Kunst zum Anfassen

Das Ehepaar Jochen und Ruth Stammnitz, das seit 20 Jahren verheiratet ist, wohnt im sachsen-anhaltischen Bitterfeld in einem Haus aus den Dreißigerjahren. Beide lernten sich an der Erweiterten Oberschule in Torgau kennen, später trafen sie sich wieder und entdeckten ihr Herz füreinander. Mein Gastgeber ist 66 Jahre alt und seine Frau feierte Ende Juli ihren 65. Geburtstag.

Museum der Dinge

Das dreistöckige Wohnhaus misst 265,8623 Quadratmeter, weiß der Hausherr und lacht verschmitzt. „Eigentlich ist es ein Museum der Dinge. Aber die Kunst kann jeder anfassen, ohne dass es Alarm gibt“, sagt er und nimmt eins der unzähligen Bilder von der Wand, die in Petersburger Hängung das ganze Treppenhaus schmücken. Der ehemalige Diplom-Sportlehrer, Agenturleiter und leidenschaftliche Reiseleiter hat seine Schätze aus Malerei, Fotografien, Grafiken, Plastiken und Artefakte in einem Zeitraum von sechs Jahren gesammelt. „Kitsch gibt es bei mir nicht“, und zeigt auf den lilafarbenen Balloon-Dog nach Jeff Koons im Regal. „Geschichte wird bei mir nicht verramscht, sondern bewahrt.“ Josta, wie ihn alle nennen, kennt die Sperrmüllhändler von Bitterfeld bis Leipzig aus dem Effeff und fehlt auf keiner Kunstauktion. Wenn ihm ein Werk gefällt, nimmt er es mit und bewahrt es als Zeitdokumente unter seinem Dach auf.

Auf den Spuren der Meister

Gemeinsam mit seiner Ehefrau, einer ehemaligen Chirurgin, war er weltweit auf Reisen – von Dubai über Israel bis Mexiko. Allein im Vorjahr hat Josta 21 Länder bereist, dienstlich und privat.
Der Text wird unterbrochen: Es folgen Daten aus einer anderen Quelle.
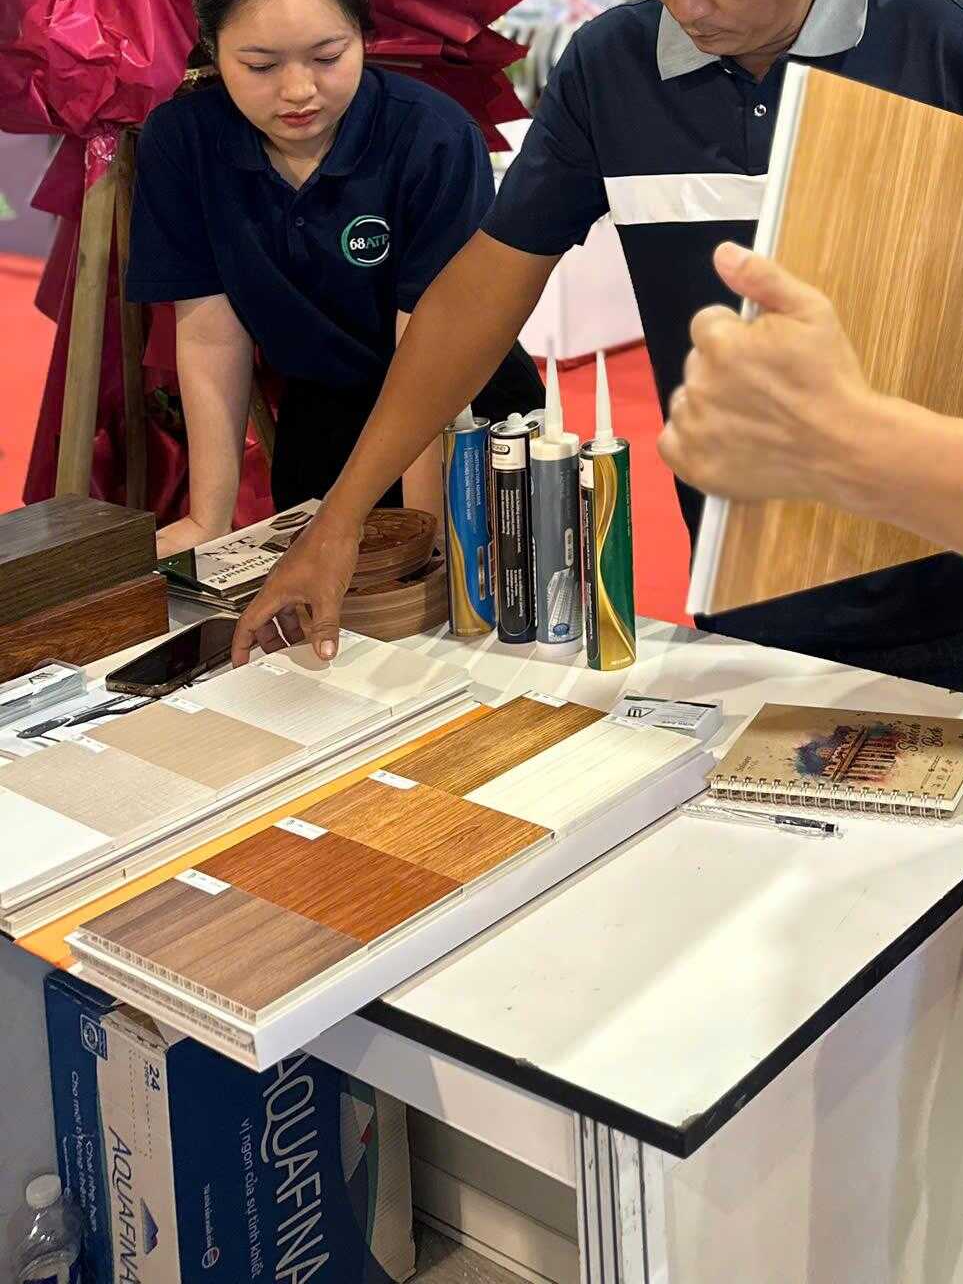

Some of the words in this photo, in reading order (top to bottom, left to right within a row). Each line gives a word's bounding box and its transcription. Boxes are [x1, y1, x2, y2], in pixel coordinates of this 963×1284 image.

Bevor das Coronavirus die Ländergrenzen dicht machte, waren die beiden in Thailand und Singapur unterwegs. „Vor zwei Jahren wandelte ich mit Ruth im Süden Frankreichs auf den Spuren von Vincent van Gogh. Beeindruckend war die Zeit in Arles, wo der Maler unzählige Werke schuf und später in einer Irrenanstalt saß“, plaudert Josta, der in Belgern geboren wurde und mit 16 Jahren nach Leipzig kam, um als 400-Meter-Hürdensprinter erfolgreich zu werden.

Sammelsurium

Vor seinem „magischen Zimmer“ stoppt er und warnt mich vorm Eintreten. Völlig zu Unrecht, denn ich bin seit knapp acht Jahren auf Hausbesuchen und habe schon so einiges gesehen. Sein Sammelsurium hinter dieser Tür schockt mich also keinesfalls. Ich stehe in einem Archiv mit Grafikmappen und Bildern, die zwar gesichtet und datiert werden konnten, aber noch keinen passenden Platz gefunden haben. „Bei einer Kunstauktion habe ich ein Stillleben der Leipziger Malerin Käthe Rammelt-Bürger gefunden, einer Grande Dame der Zwanzigerjahre. Die Enkelin heißt Annekathrin und ist eine bekannte Schauspielerin“, erzählt Josta, der sich im Leipziger Kunstverein engagiert und die alten Leipziger Künstler wie Max Klinger, Bruno Heroux, Werner Tübke, Max Klinger und Kurt Vogler verehrt.

Vom Keller bis unters Dach

Auch das geräumige Badezimmer, in dessen großer Eckbadewanne nicht mehr gebadet wird, weil duschen einfach praktischer ist, blieb kein kunstloser Raum – dekorative Kunstblumen schmücken das Zimmer wohin das Auge blickt. Und auch im Keller stapeln sich Bilder und Steine mit vielen Geschichten, die der Hausherr aus dem Hut erzählen kann. Jetzt habe das Ganze allerdings Dimensionen angenommen, die selbst Ehefrau Ruth schmunzeln lassen, so Josta. Übersichtlich dekoriert ist es dagegen im Wohnzimmer mit den filigranen Jugendstil-Lampen und einer Art-déco-Leuchte über dem Esstisch mit Blick in den wunderschönen Garten, den ich schon im Juni besuchen durfte.